_Work to complete_.
Repeat the data exactly as given below, dropping every picture.

_Data supplied_.
————

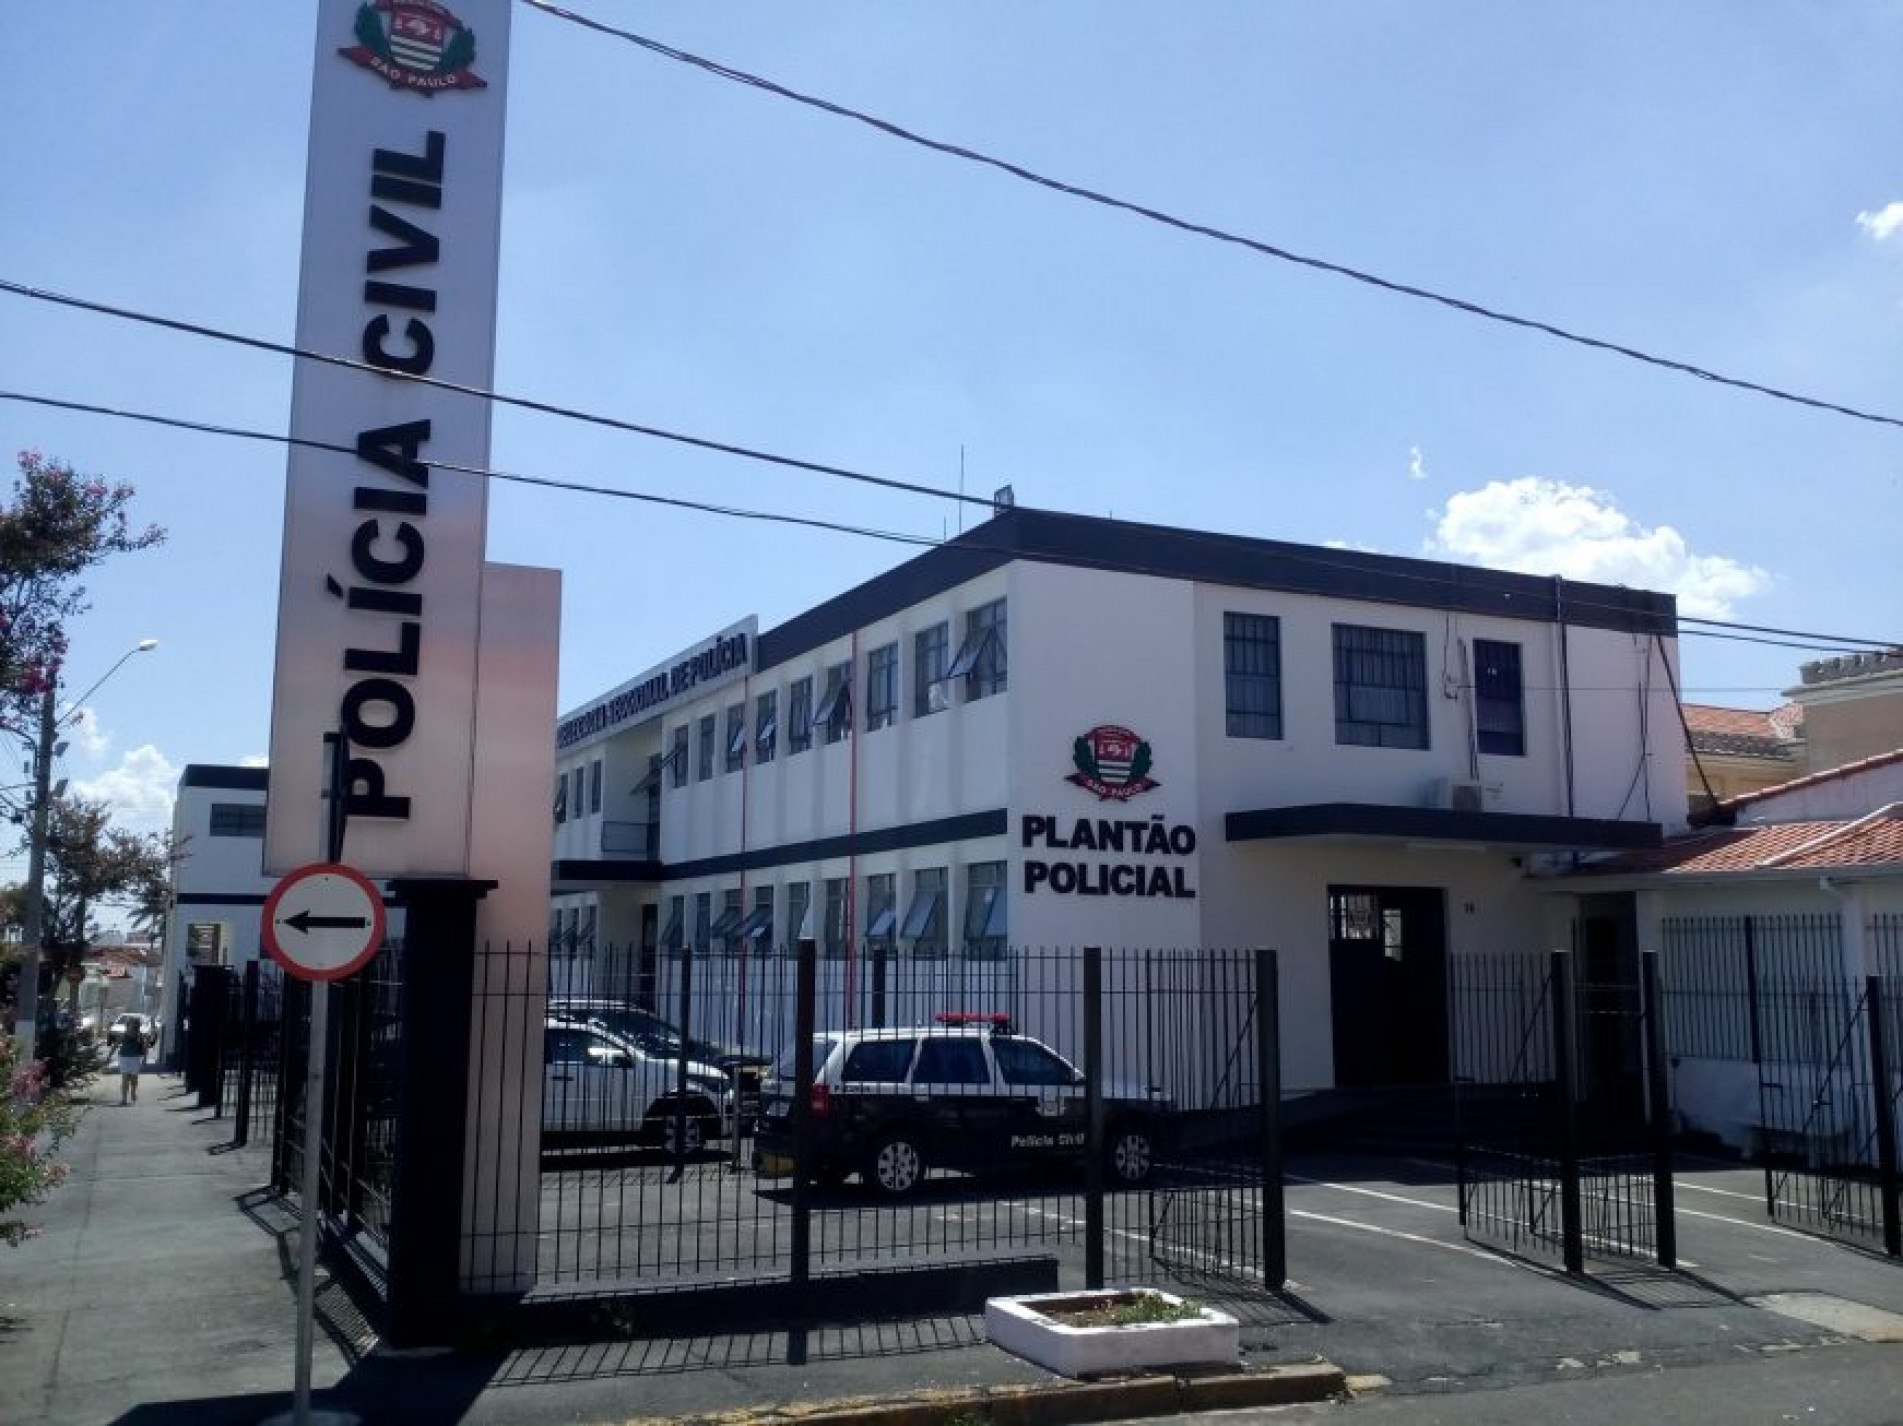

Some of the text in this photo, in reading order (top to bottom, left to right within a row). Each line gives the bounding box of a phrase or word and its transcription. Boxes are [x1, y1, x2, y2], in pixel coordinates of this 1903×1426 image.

[408, 74, 456, 88] PAULO
[327, 129, 446, 820] POLÍCIA CIVIL
[1022, 814, 1196, 856] PLANTÃO
[1024, 860, 1196, 898] POLICIAL
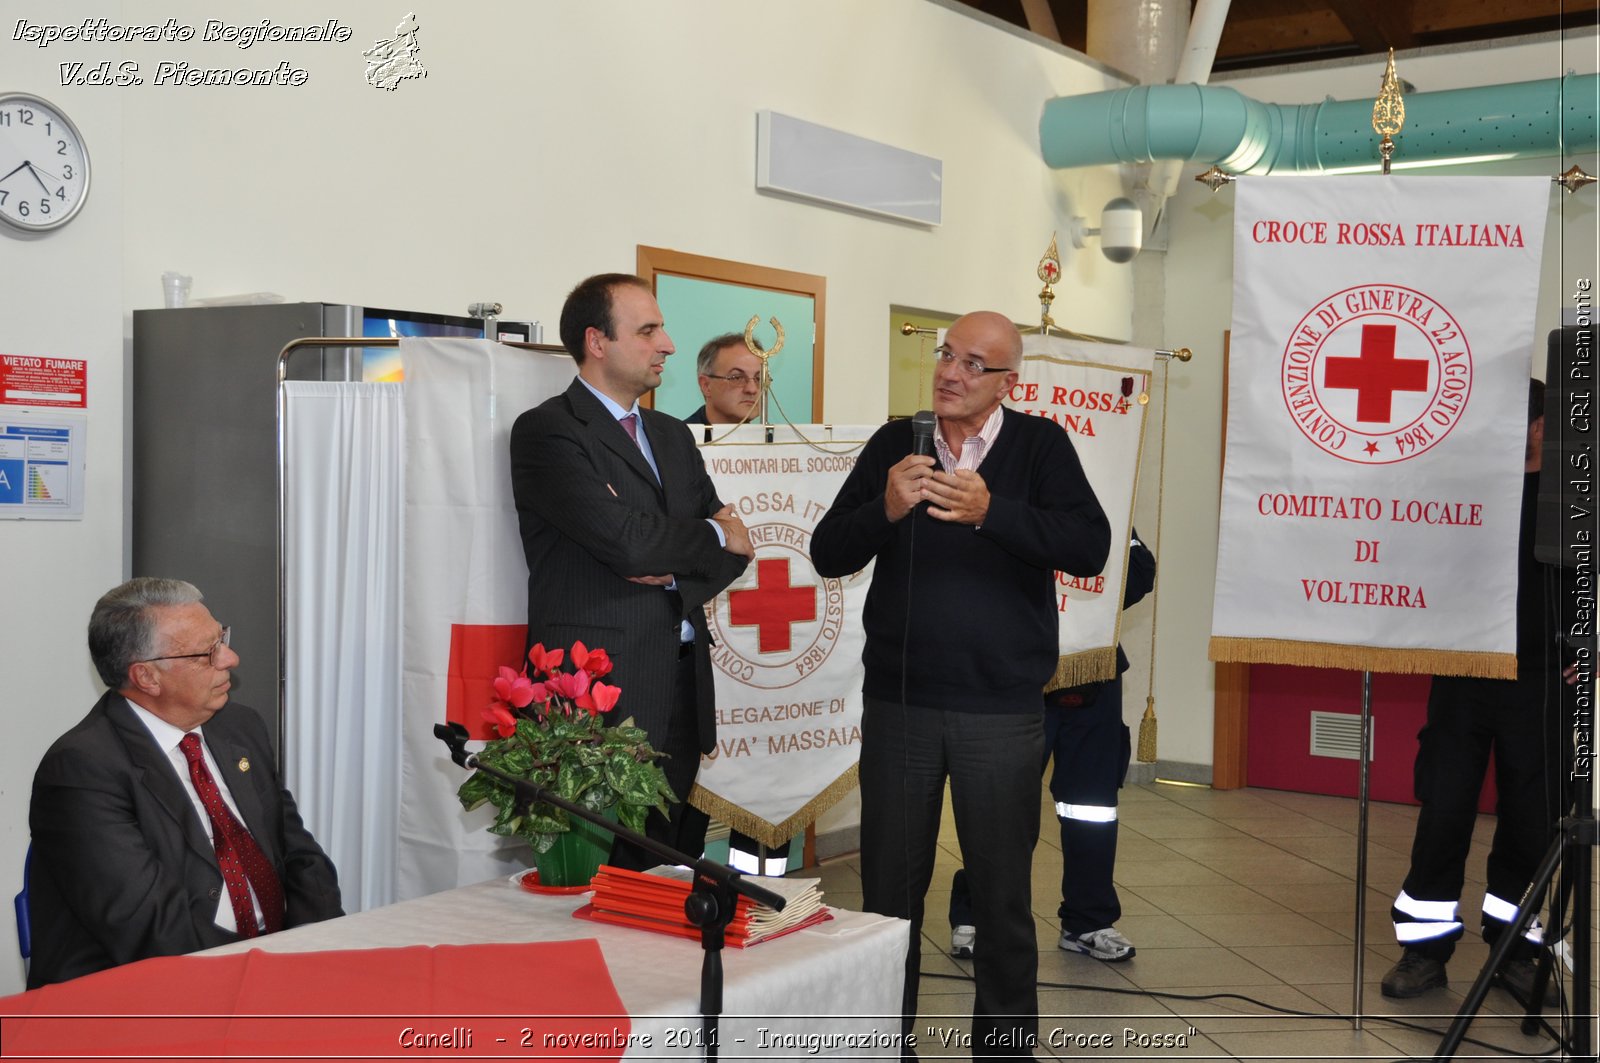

————

_Your solution_.
Some of the text in this photo, in reading order (top to bottom, left to right within a row). Each line gives the bounding box of a phrase or word and its transcription. Boxes are [x1, y1, x2, y2], in pixel coordinates of this 1903×1426 image.

[408, 74, 456, 88] PAULO
[327, 129, 446, 820] POLÍCIA CIVIL
[1022, 814, 1196, 856] PLANTÃO
[1024, 860, 1196, 898] POLICIAL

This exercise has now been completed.